Roma Aeterna–Final Chapter, More Herculaneum Scavi

Roma Aeterna–Final Chapter, More Herculaneum Scavi November 29, 2013

In some ways, Herculaneum is a more impressive site, not in terms of size, but for its location and what is there. This site was discovered when someone was drilling a well in the early 19th century, and came across ruins. This led to the excavation of a huge section of land near the sea. Herculaneum was period in 40 plus feet of molten mud. It has taken a long time to excavate this site— over 150 years, as with Pompeii. I some ways Herculaneum is more unspoilt, less tourists, and less walking as it is in a concentrated area leading down to the sea. So let’s start at the low point… down near the sea…

There is a big public square down at the lowest level, near the tunnel that leads to the sea. The above is the street back up into the town. Here is the view from above down to this town square with its famous statue….

From above, you can also see what happened at the lowest level of the city… lots of persons trapped hoping for shelter near the sea from the lava…..

Alas, it was for naught…… Hundreds of skeletons piled one on top of another near the sea.

Here is the statue of Balba which is in the lower town square… Marco Nonio Balbo was a proconsul who lived in Herculaneum. This is the statue of him.

Here what Joe Geranio has to say about the fellow” “The loricate statue of M. Nonio Balbo, set up by his freedman Nonius Volusianus. stood on the marble base behind the altar. Marco Nonio Balbo was an eminent character of the Augustan age. A native of Nuceria, but resident at Herculaneum, he was praetor and proconsul of the province of Crete and Cyrene, tribune of the people in 32 b.C. and partisan of Octavian. Due to his munificence towards the town of Herculaneum (his epigraphs on walls, on the doors of the town as well as inside the basilica are well-known), he was appointed patron and when he died he was paid extraordinary honors, summarized in the long inscription on the gravestone situated in the middle of the terrace adjoining the Suburban Thermae.”

We spent most of our time at Herculaneum marveling at the walls, the floors, the rare windows, the artistry in the villas at this seaside resort…




The impluviums and tablinums (as in the next two shots) were regularly colorful as they were just inside the front door of the villa, and made the first impression on a guest.

Last but not least, there are a few advertising signs in Herculaneum, though a much smaller town than Pompeii, here’s one for a ‘house of pleasure’.

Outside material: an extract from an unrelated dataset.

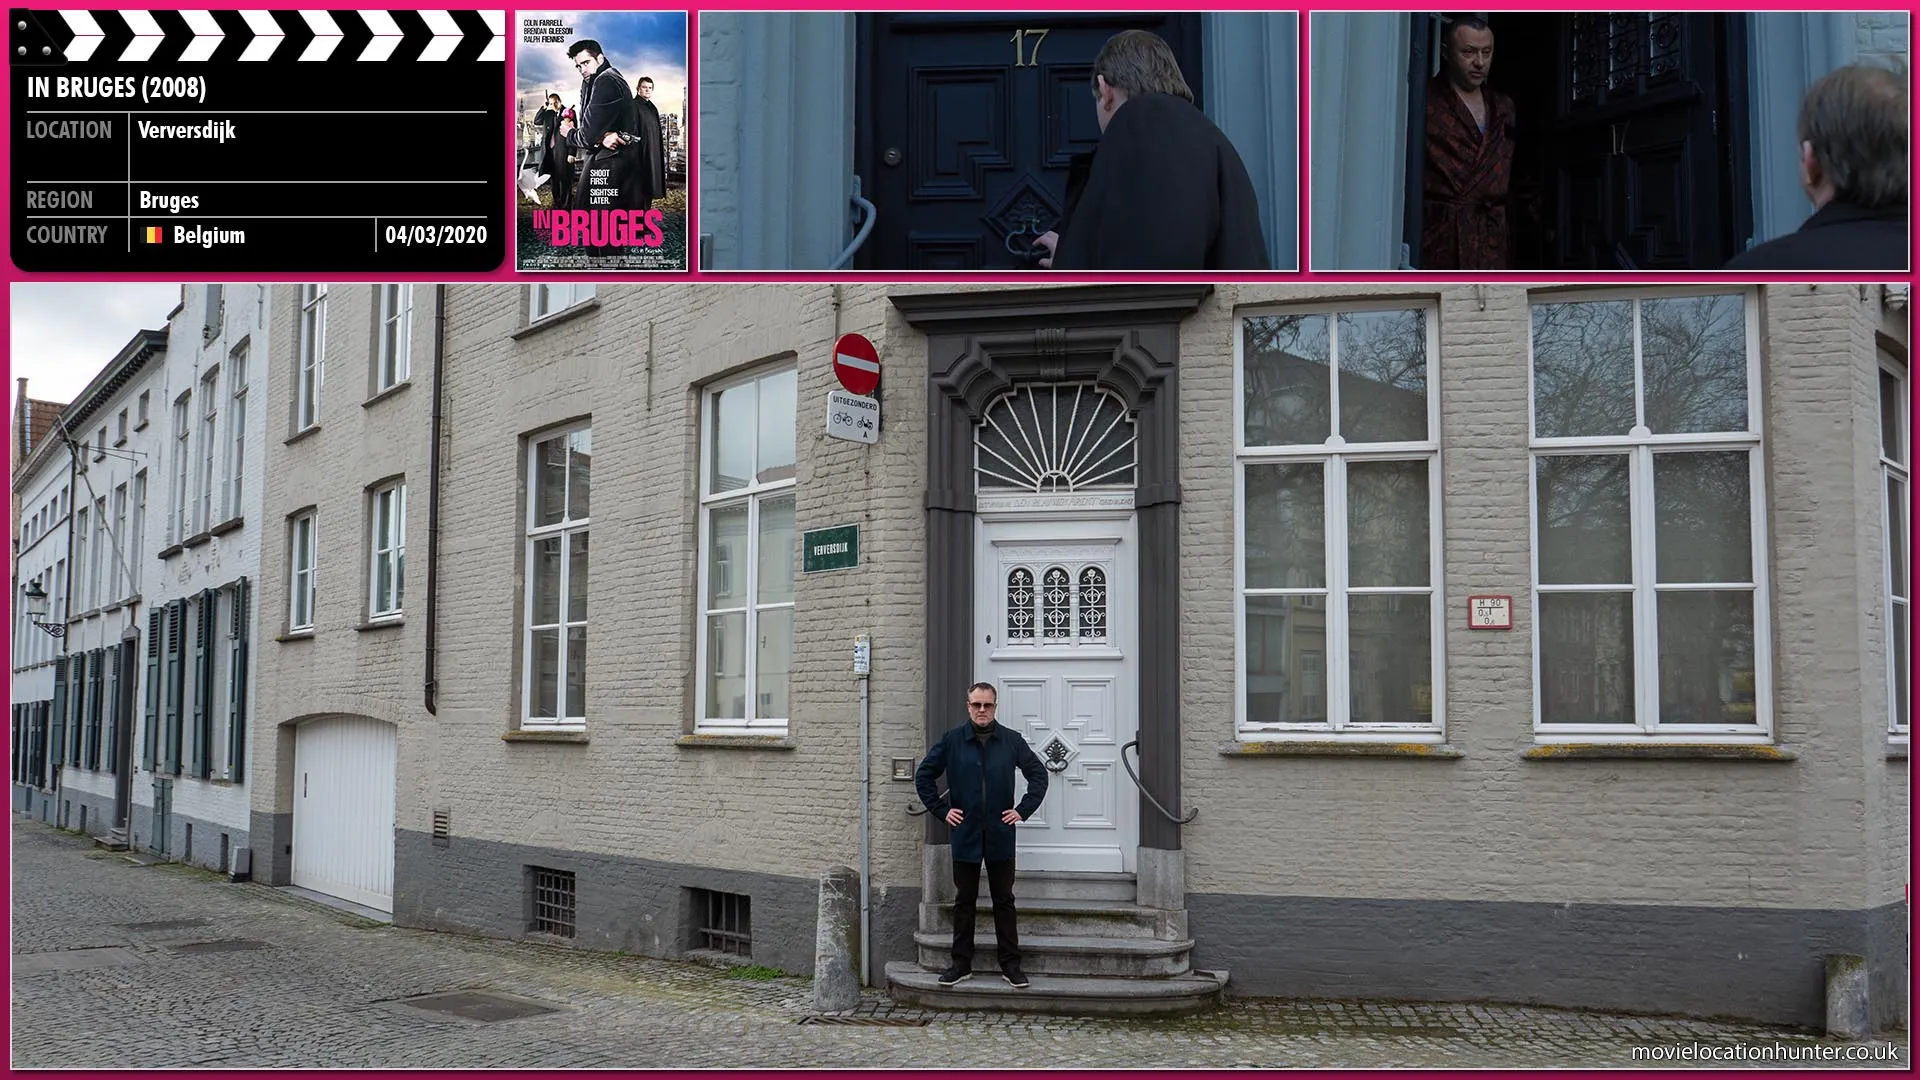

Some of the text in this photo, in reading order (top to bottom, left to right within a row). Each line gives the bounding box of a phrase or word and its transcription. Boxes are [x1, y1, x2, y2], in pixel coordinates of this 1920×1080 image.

The city was literally invaded by his statues, erected in the most representative places. There are in fact at least ten inscriptions referred to the statues set up in his honour.
On the contrary, the statues which have effectively reached us are fewer. They are preserved at the National Archaeological Museum of Naples, since they had been found in the period of the Bourbon excavations.
The loricate statue is the only one preserved at Herculaneum.